··· Data
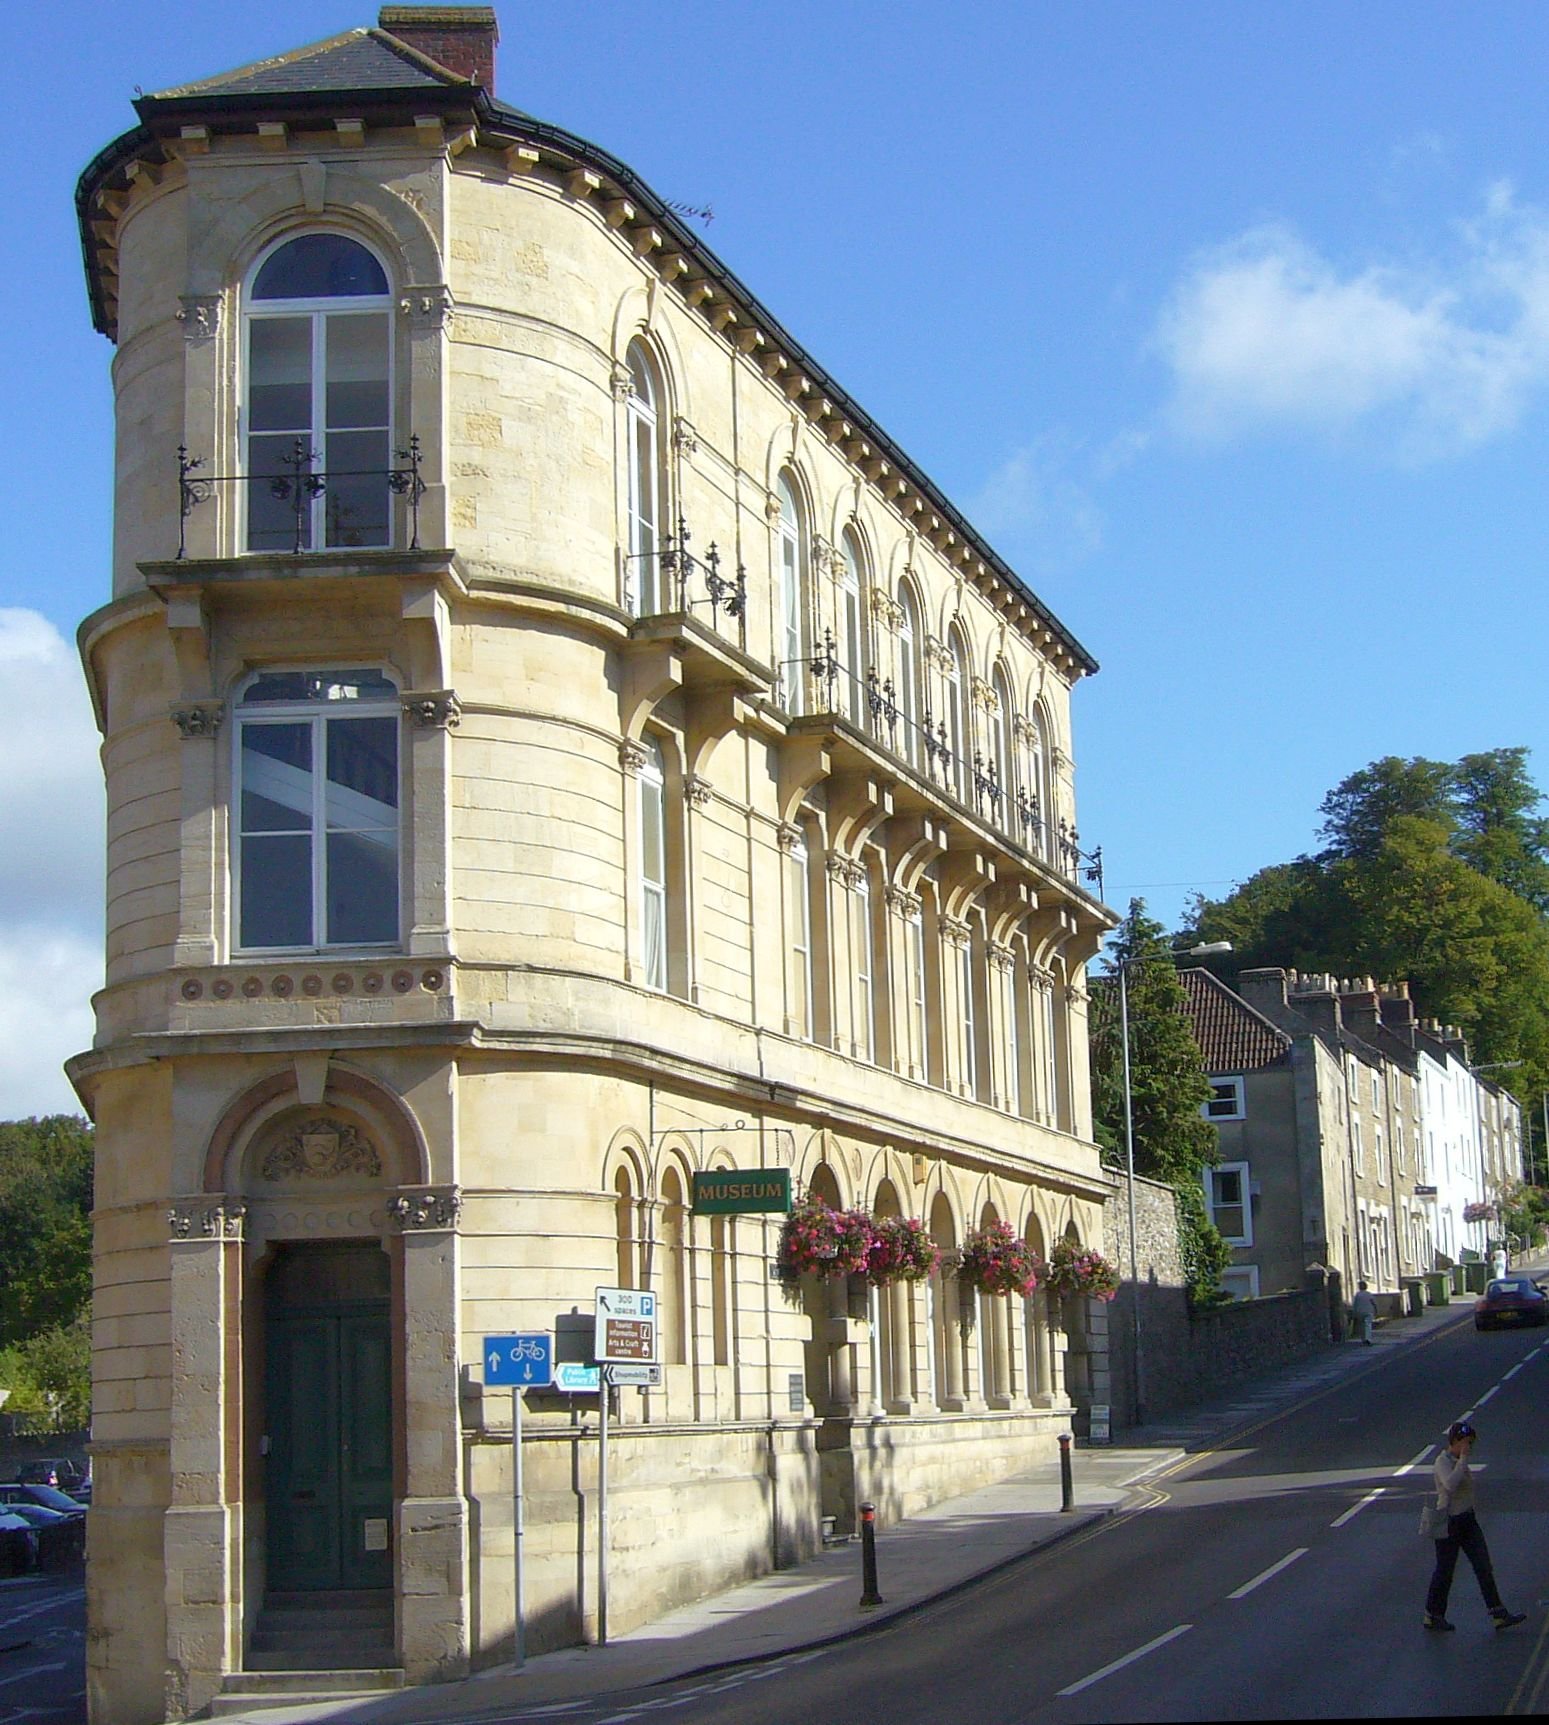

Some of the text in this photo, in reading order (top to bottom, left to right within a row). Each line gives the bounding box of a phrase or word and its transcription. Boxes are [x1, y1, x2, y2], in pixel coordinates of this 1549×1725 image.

[699, 1183, 782, 1200] MUSEUM
[618, 1294, 632, 1304] 300
[614, 1307, 636, 1315] spaces
[615, 1320, 633, 1329] Tourist
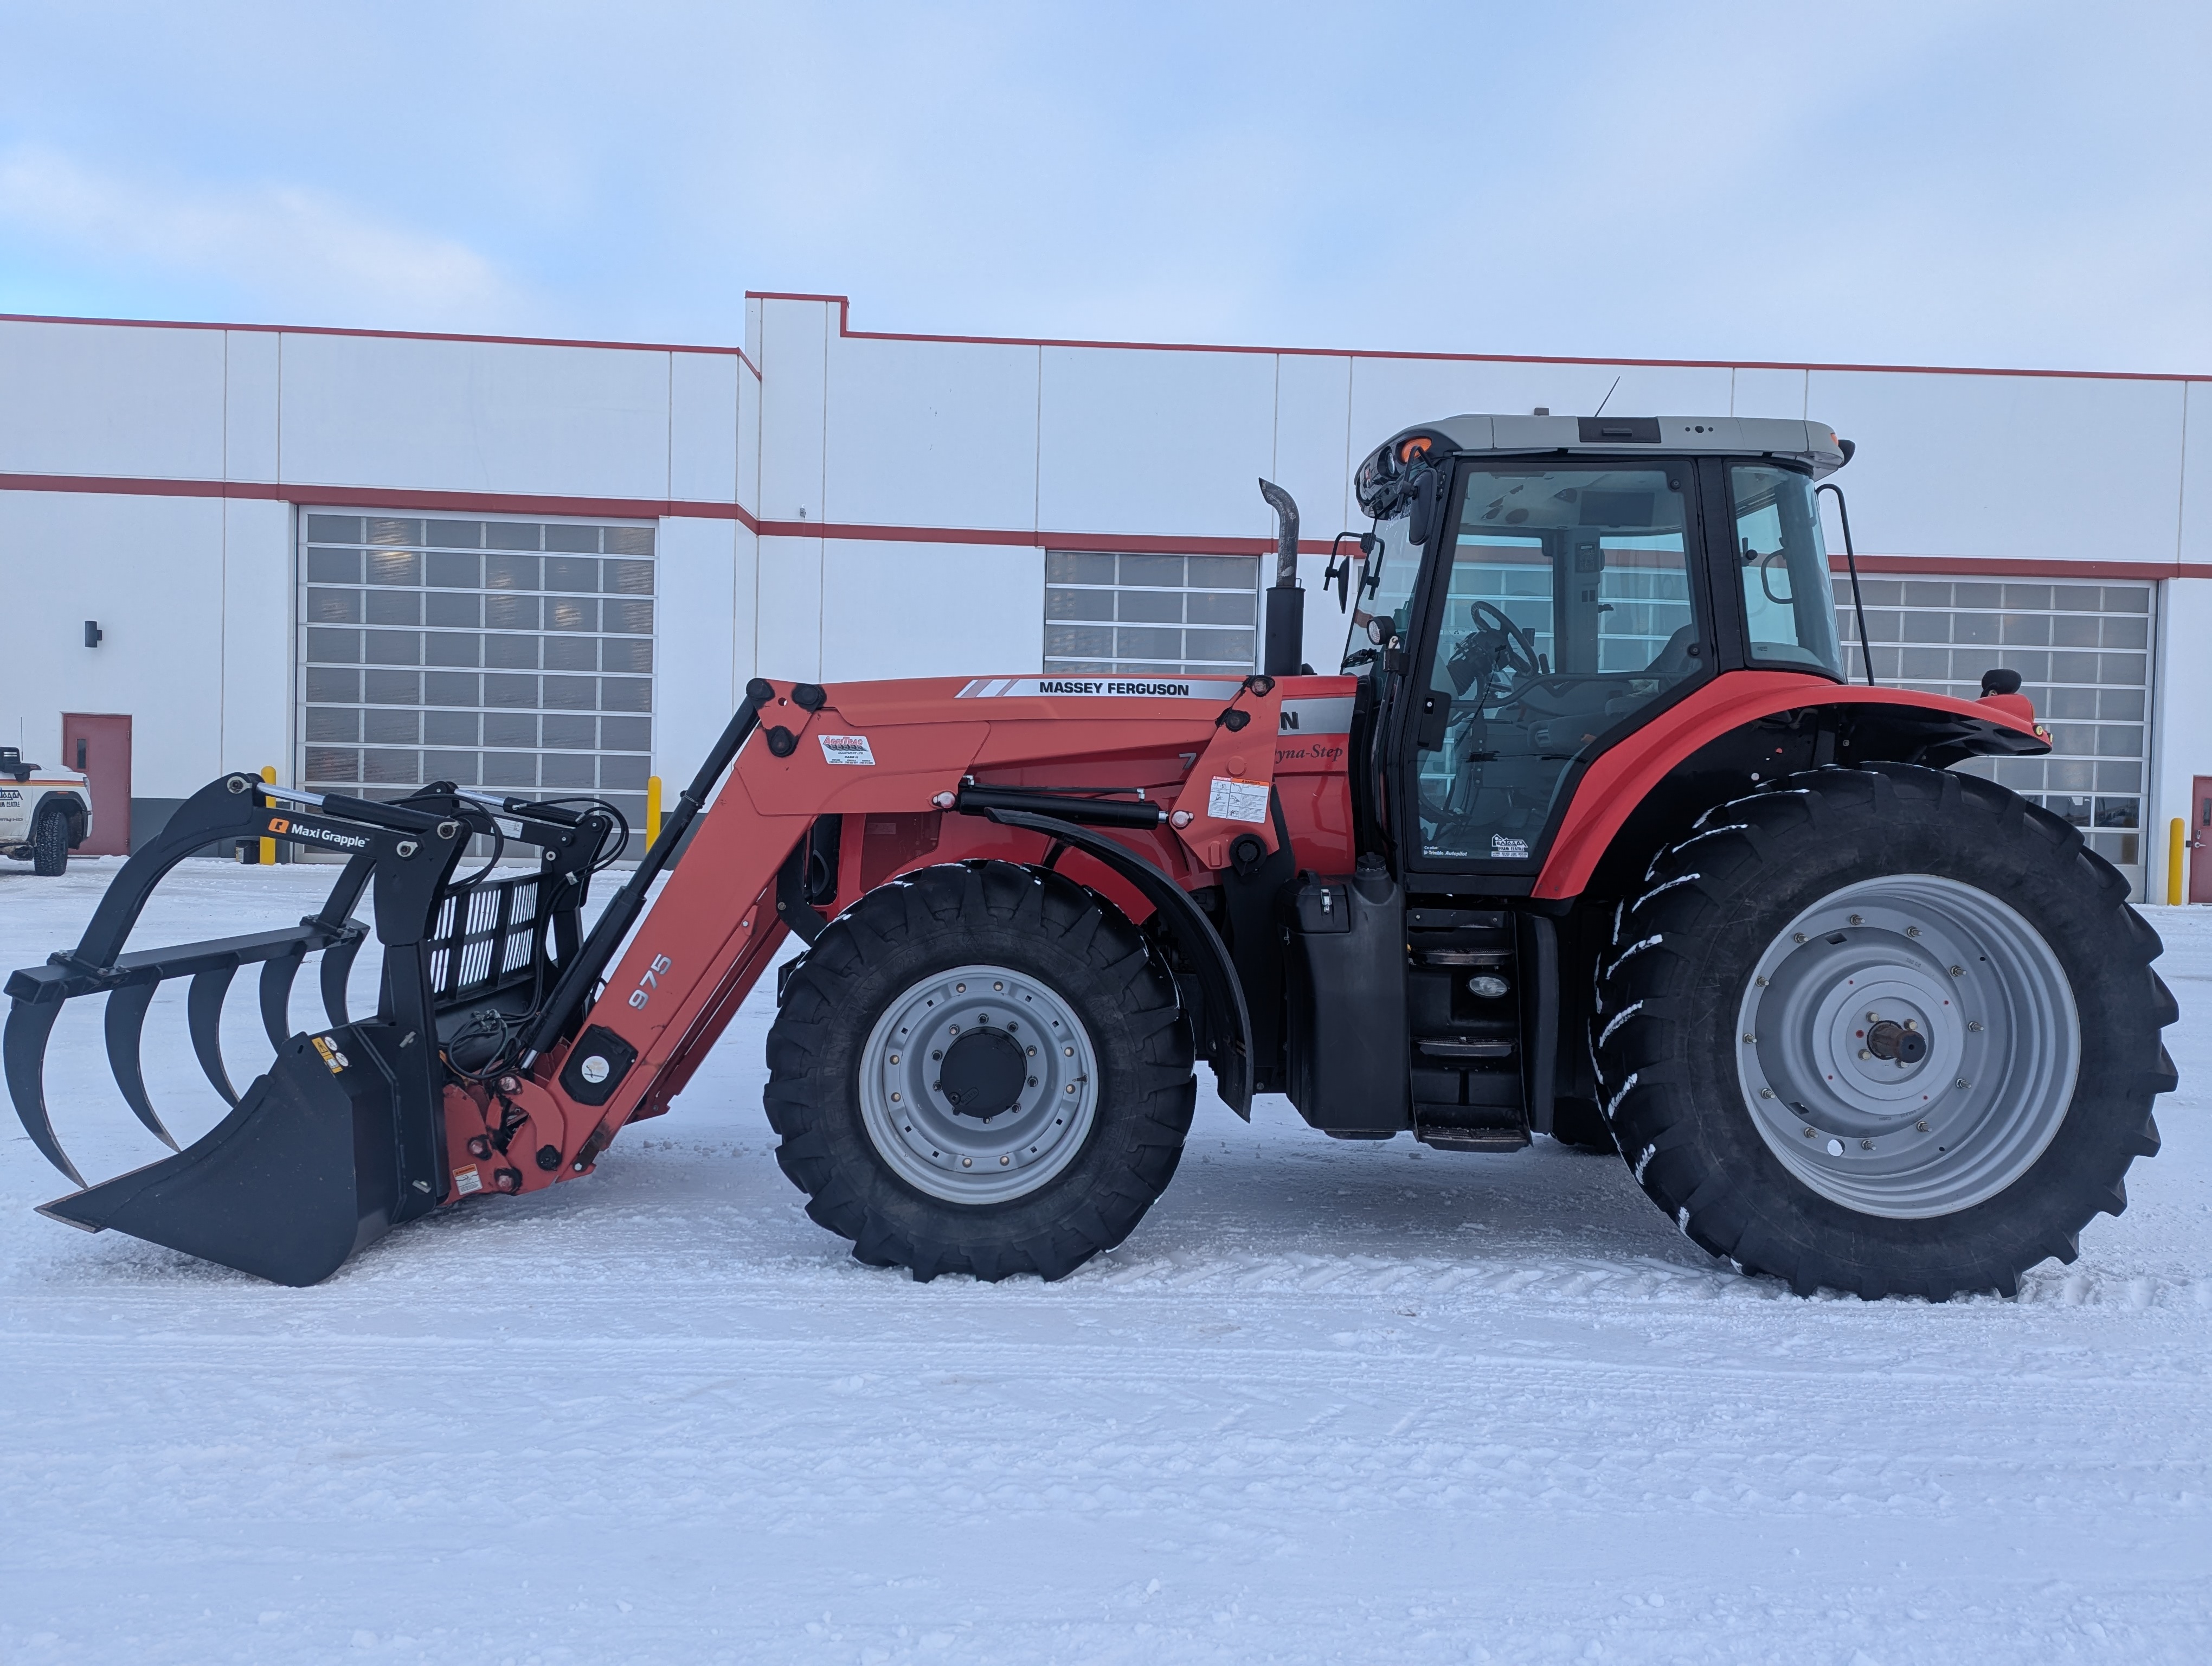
······
• Brief: Without including any pictures, output each entry above exactly as it appears.

• Exercise output:
Some of the text in this photo, in reading order (top to bottom, left to right within a row). Each line gives the bounding box of a phrase or word and its transcription. Boxes are [x1, y1, x2, y2], in pixel coordinates of this 1549×1725 image.

[699, 1183, 782, 1200] MUSEUM
[618, 1294, 632, 1304] 300
[614, 1307, 636, 1315] spaces
[615, 1320, 633, 1329] Tourist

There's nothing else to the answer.